● **INSTRUCTIONS FOR THE TASK**: Find each line of the entries with the string "ЛИТЕРАТУРЫ", please, and copy it.

● **AVAILABLE DATA**:
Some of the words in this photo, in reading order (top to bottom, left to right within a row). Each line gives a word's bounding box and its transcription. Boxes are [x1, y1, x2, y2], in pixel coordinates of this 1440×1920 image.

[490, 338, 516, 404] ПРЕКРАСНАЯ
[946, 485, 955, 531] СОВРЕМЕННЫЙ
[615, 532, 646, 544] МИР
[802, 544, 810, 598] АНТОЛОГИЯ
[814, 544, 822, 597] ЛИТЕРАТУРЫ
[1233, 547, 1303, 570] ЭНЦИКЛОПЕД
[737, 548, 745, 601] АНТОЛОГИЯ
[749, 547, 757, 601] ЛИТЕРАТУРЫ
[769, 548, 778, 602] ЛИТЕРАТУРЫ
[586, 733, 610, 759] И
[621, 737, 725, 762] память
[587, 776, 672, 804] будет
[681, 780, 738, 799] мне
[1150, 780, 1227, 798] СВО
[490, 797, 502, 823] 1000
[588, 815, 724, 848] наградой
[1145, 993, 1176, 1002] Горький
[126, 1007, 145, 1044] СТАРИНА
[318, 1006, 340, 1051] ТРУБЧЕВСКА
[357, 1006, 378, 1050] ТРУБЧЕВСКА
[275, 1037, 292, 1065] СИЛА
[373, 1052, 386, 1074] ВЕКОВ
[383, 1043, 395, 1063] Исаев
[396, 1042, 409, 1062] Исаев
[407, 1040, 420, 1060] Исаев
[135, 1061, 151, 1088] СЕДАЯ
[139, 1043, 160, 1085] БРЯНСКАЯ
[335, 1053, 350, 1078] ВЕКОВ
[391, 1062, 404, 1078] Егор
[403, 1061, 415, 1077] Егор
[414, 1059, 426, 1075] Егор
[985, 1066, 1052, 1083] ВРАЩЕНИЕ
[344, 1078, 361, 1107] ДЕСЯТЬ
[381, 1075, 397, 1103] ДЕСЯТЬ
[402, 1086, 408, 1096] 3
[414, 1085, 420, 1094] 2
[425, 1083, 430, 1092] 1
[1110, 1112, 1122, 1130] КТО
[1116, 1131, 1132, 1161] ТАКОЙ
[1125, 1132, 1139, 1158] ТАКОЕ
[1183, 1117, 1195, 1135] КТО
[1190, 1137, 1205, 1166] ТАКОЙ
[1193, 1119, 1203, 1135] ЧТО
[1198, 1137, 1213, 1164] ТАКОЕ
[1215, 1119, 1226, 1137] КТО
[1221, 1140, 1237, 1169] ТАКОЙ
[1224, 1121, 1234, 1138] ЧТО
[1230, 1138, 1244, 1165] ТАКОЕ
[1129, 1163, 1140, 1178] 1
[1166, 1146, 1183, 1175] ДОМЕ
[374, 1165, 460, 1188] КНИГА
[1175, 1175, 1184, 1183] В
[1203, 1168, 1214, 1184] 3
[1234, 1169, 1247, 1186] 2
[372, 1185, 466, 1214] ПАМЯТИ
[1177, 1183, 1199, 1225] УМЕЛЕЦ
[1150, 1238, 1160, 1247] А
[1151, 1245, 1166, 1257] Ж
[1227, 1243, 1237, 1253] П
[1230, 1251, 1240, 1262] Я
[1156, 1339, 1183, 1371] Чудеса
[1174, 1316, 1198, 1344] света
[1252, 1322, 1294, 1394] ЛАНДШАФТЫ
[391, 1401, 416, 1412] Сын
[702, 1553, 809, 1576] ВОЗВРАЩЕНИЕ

● **WORKED SOLUTION**:
[814, 544, 822, 597] ЛИТЕРАТУРЫ
[749, 547, 757, 601] ЛИТЕРАТУРЫ
[769, 548, 778, 602] ЛИТЕРАТУРЫ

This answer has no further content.